Più che fragile il commissariamento è dannoso, inconcludente e privo di senso pratico. Se io avessi un malato da curare e riconoscessi i miei limiti mi rivolgerei ad un luminare, non ad un incompetente. Come affidare la Sanità a persone che nella vita non si sono mai occupate della salute della gente? Come è possibile dire ad un commissario di tagliare le spese senza per questo diminuire i servizi? Come pensare che questi Salomoni della Sanità, inesperti fino al paradosso, avrebbero potuto risanare le voragini che una pessima amministrazione ed una politica, collusa con la mafia, avevano creato? “Affideresti la tua birra ad un tedesco ed un sigaro ad un turco?”: perché abbiamo affidato la Sanità a chi oggi è stato addirittura dalla magistratura inibito dalle cariche pubbliche per un anno? Resta un mistero! C’è voglia di porre fine? Non credo!
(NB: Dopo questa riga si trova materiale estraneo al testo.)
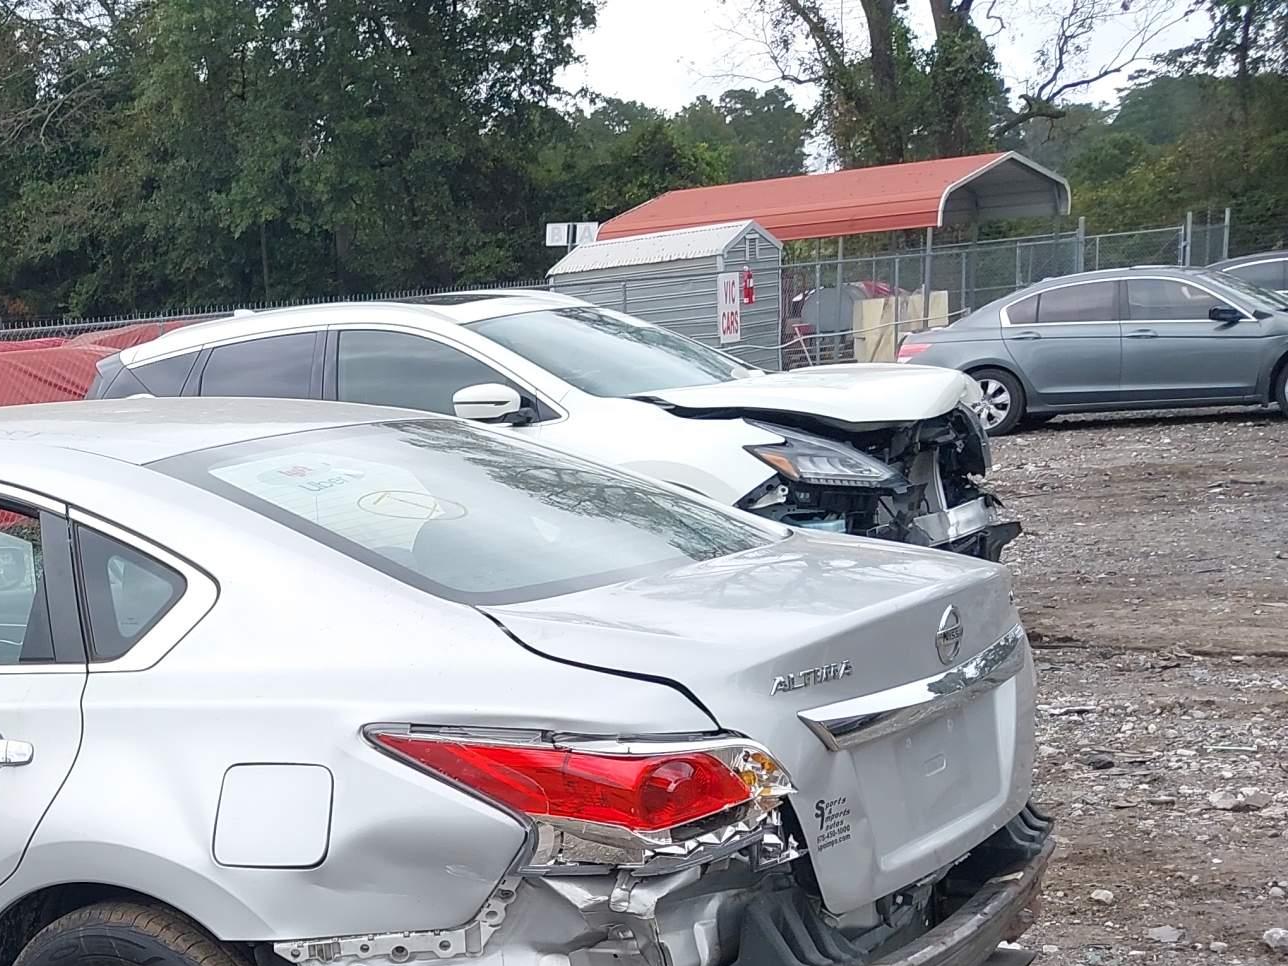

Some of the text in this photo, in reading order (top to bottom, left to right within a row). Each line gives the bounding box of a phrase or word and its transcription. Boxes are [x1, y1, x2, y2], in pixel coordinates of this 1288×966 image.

[723, 279, 736, 305] VIC
[721, 310, 739, 335] CARS
[769, 659, 853, 697] ALTIMA
[815, 797, 846, 819] Sports
Povertà economica è sinonimo di carenza di cure. Come si può invertire la rotta in questo contesto?
Il sistema sanitario nazionale non è per nulla carente di risorse. Anzi. Il dramma è che, la magistratura lo sta dimostrando, sul bottino della Sanità si avventano come iene, loschi figuri che nulla hanno a che vedere con la salute degli altri. Ripulendo drasticamente, con coraggio, attivando i severi controlli sulle attività sanitarie pubbliche e private, si invertirebbe innegabilmente la rotta, dando ad ogni cittadino tutto quanto necessario per aumentare la qualità della vita. Esistono gli sprechi e le sperequazioni. Bisogna far tornare la buona politica per governare la Sanità.
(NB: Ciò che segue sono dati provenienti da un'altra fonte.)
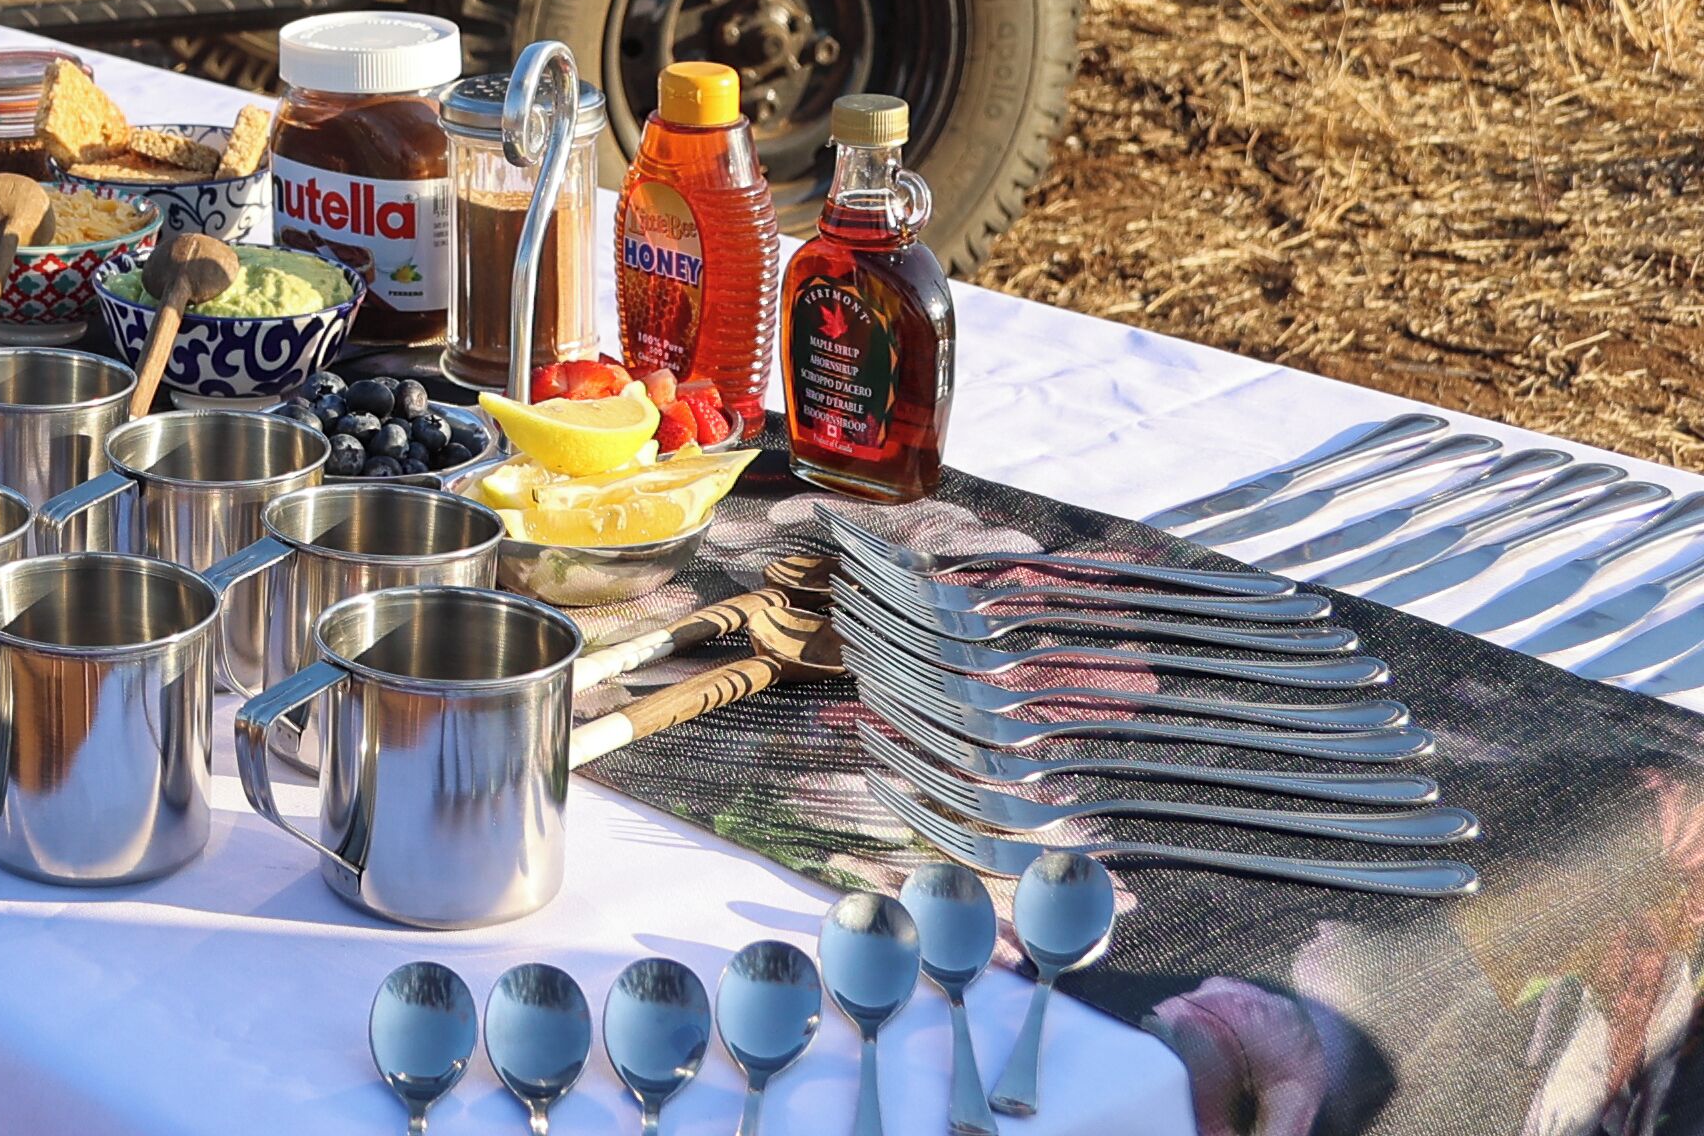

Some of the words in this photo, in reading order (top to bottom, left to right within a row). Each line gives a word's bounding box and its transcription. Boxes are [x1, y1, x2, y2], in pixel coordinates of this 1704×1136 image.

[624, 237, 702, 288] HONEY
[388, 289, 425, 298] FERRERO
[804, 288, 870, 322] VERTMONT
[638, 331, 662, 347] 100%
[663, 339, 684, 354] Pure
[809, 335, 834, 353] MAPLE
[834, 343, 860, 359] SYRUP
[809, 354, 859, 376] AHORNSIRUP
[800, 367, 835, 390] SCIROPPO
[835, 380, 873, 398] D'ACERO
[805, 387, 826, 404] SIROP
[835, 441, 853, 454] Canada
Allarghiamo lo sguardo sulla città. Può fornirci un suo ritratto della Reggio dell’età pandemica?
Visto lo spazio che potete darmi, non posso che andare per aggettivi. La città è smarrita, non crede in sé stessa, si è assuefatta al non avere nulla ed alla posizione di terzo piano che una pessima fama vuole assegnarle a tutti i costi. La classe politica cittadina, nonostante gli sforzi di qualcuno, ha poco peso e non riesce a dialogare col popolo che si sente tradito. Reggio è terra di conquista, di passaggio solo per risalire la graduatoria dei pubblici poteri o per battezzare comitati civici autoreferenziali, con un seguito distratto e più personalistico che altro. Nonostante questo, la città avrebbe in sé le risorse per rinascere davvero, solo lo volesse. Il fatto è che non vuole.